Videos by American Songwriter

Pat Guadagno
New Jersey Material
(Campbell Music)
Rating: 3.5 out of 5 stars

The good ole USA has its fair share of vibrant music scenes. New Jersey has given the world a diverse mix of artists, from Sinatra’s timeless Great American Songbook to Bon Jovi’s hard rock Americana and many more in between. Of course, with each of these success stories, there are hundreds of talented unknown songwriters and local legends who toil away at their craft in front of bar patrons more interested in gossip or the game on the flat screen TV.

Pat Guadagno pays respect to the current songwriters of his home state on New Jersey Material, a collection of 14 top-notch songs penned mostly by unheralded artists, such as Steven Delopolous and Daniel Petraitis. Guadagno tips his hat to the musical Boss of New Jersey, Bruce Springsteen, with a stellar cover of “Born To Run,” turning it into a delicately picked plea to a lover to join him on the road to a better life.

Guadagno has great command of his instruments: his guitar skills incorporate lovely picking peppered with tasty fills, while his voice echoes many a folk troubadour before him. He delivers the hilarious “People My Age” (“People my age have started looking gross/maybe not all but I should say most”) with such deadpan songwriter John Gorka would surely smile. Shel Silverstein and Fred Koller’s “This Guitar Is For Sale” is one of the few tracks not written by a Jersey songwriter, but still thematically ties in with the underdog spirit of the CD. What performer can’t relate to the weary narrator contemplating packing it in for good: “This guitar is for sale/ I’ll let her go cheap… the songs that she plays/they ain’t selling these days.” Bluesman Keb Mo’ accents the lyrics with beautiful Resonator slide guitar accompaniment.

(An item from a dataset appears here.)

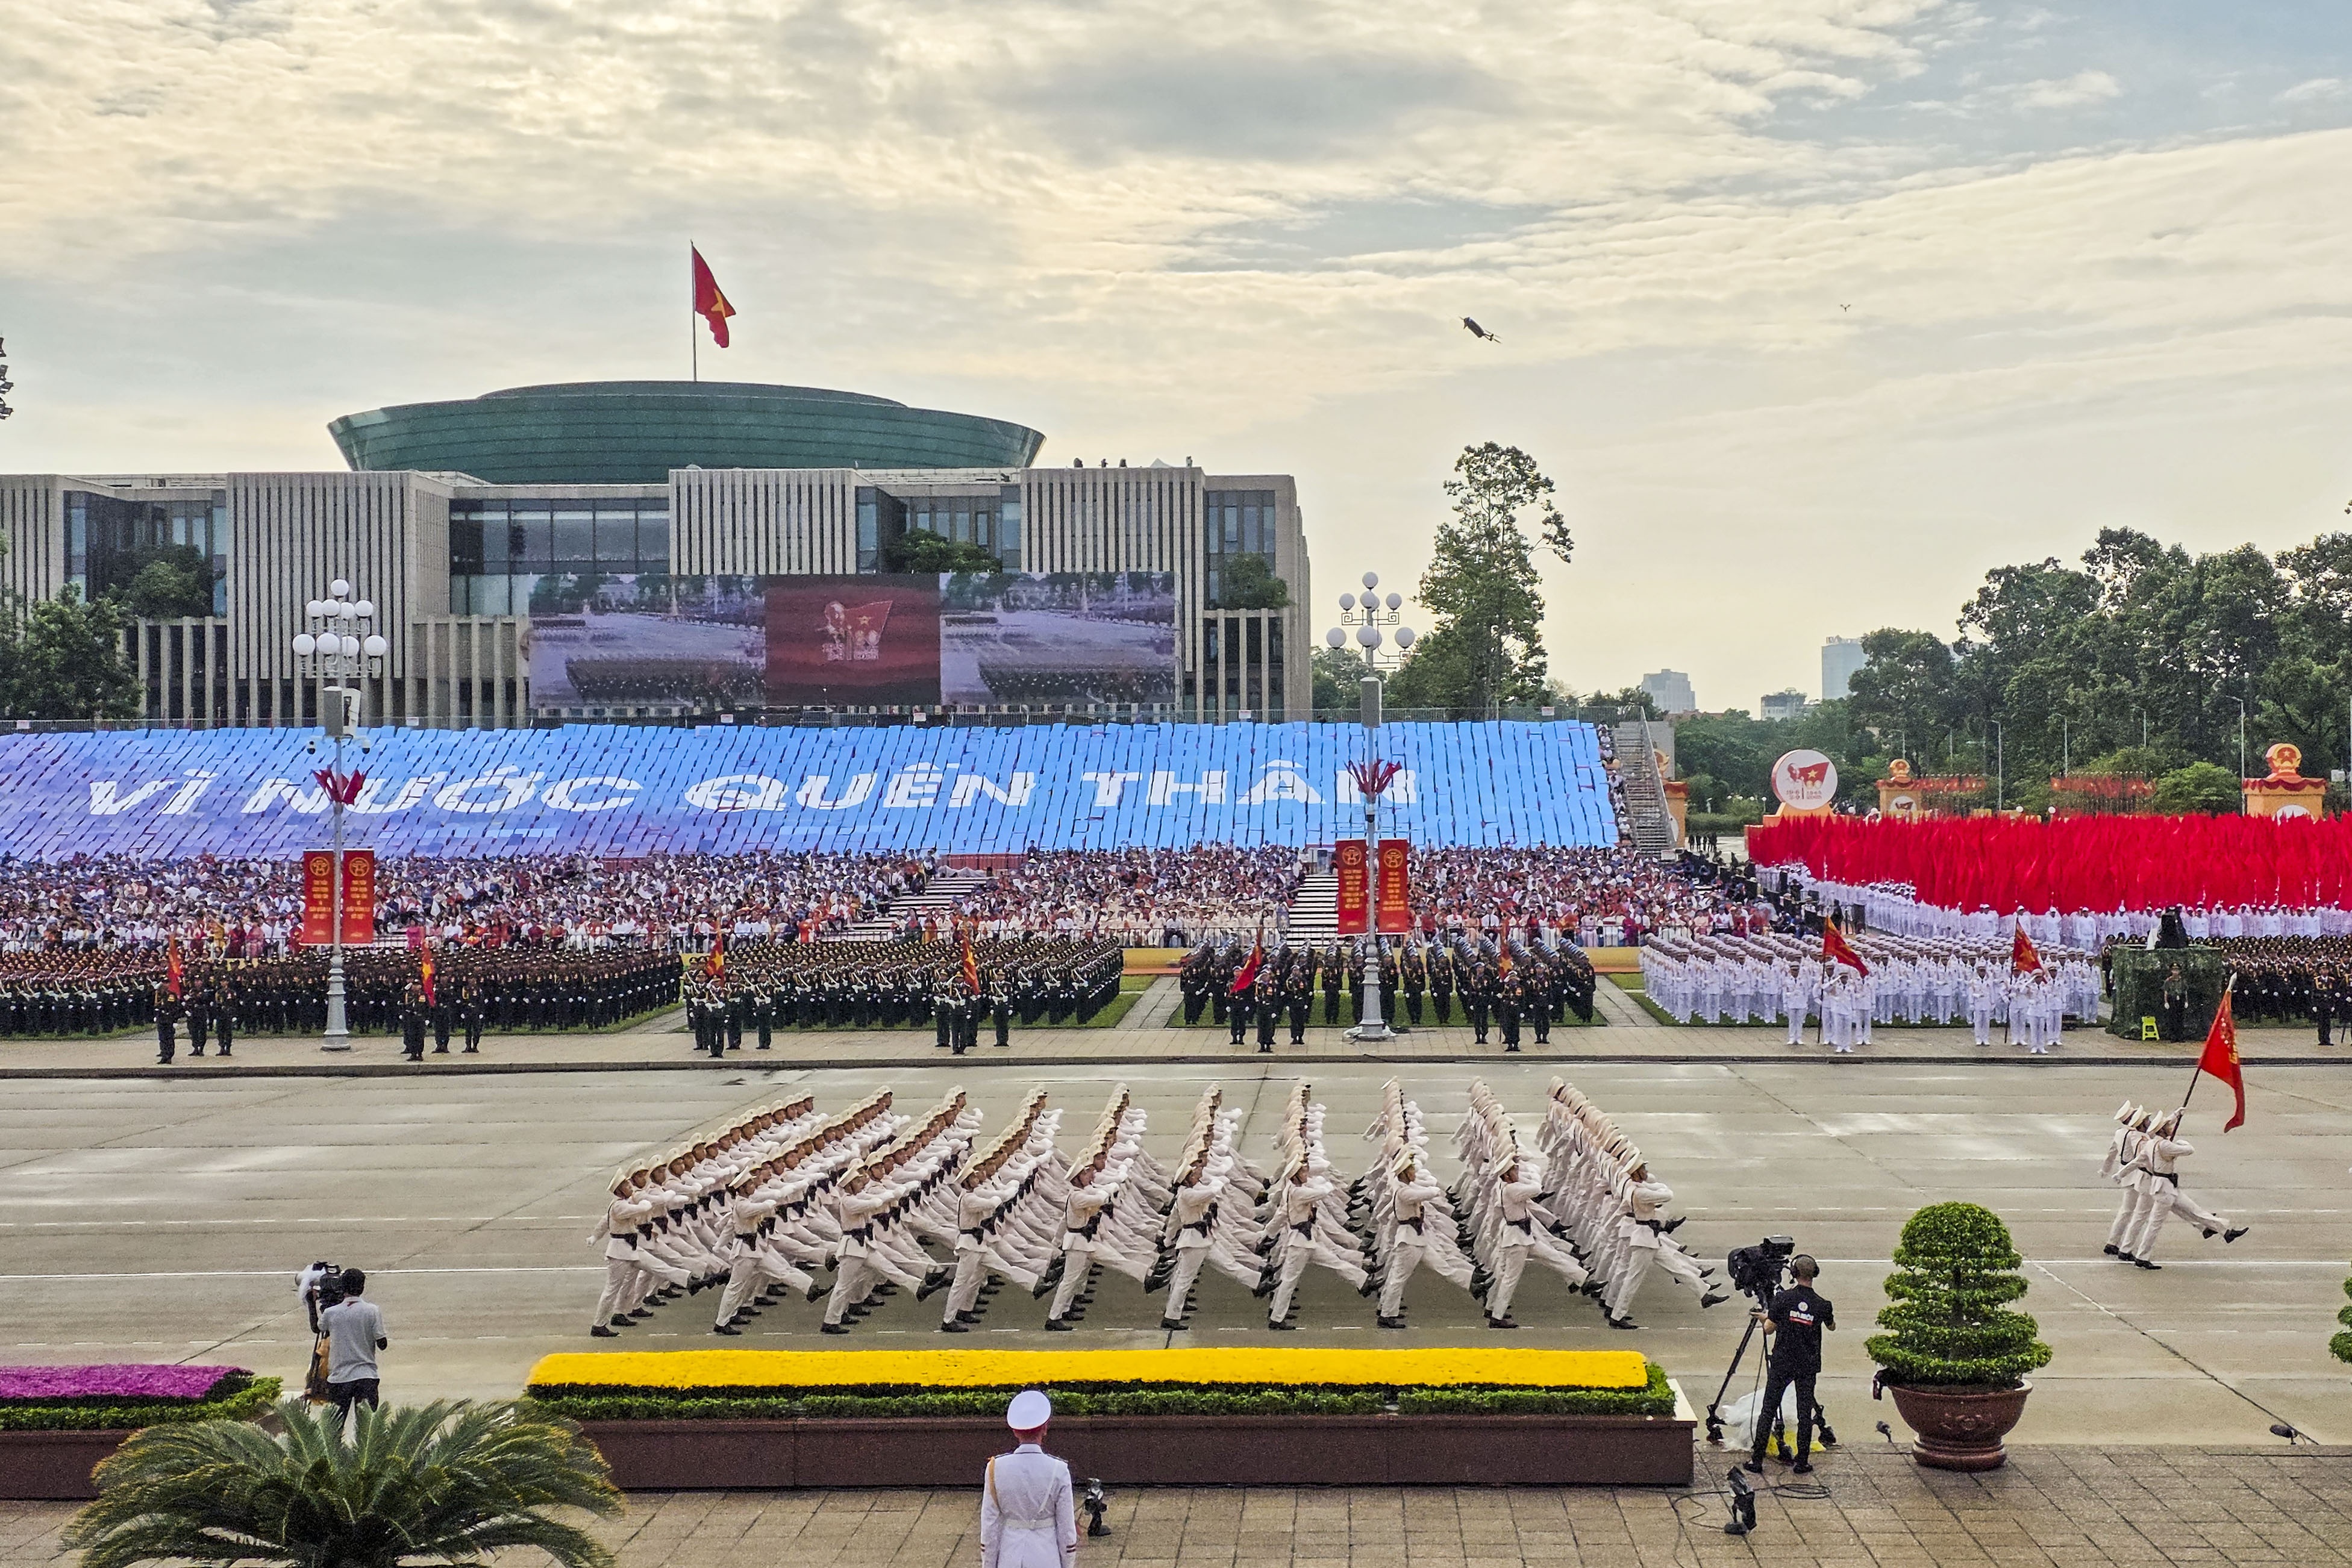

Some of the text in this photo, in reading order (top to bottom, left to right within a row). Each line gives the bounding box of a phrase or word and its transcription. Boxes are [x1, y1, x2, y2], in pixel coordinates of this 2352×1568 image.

[90, 759, 1417, 815] VÌ NƯỚC QUÊN THÂN

Whether he’s a heartbroken man on a drunken bar crawl (“Nobody But Myself To Blame” and “I Can’t Take Me Anywhere”), a gypsy at the end of his rope (“Gravedigger”) or a man in love (“Here’s To You”), Guadagno wrenches the deepest emotions and holds the listener’s attention throughout the disc. New Jersey may get an undeserved bad rap as a vast wasteland these days, but Guadagno digs deep into the Garden State’s fertile musical ground and finds rich, solid material.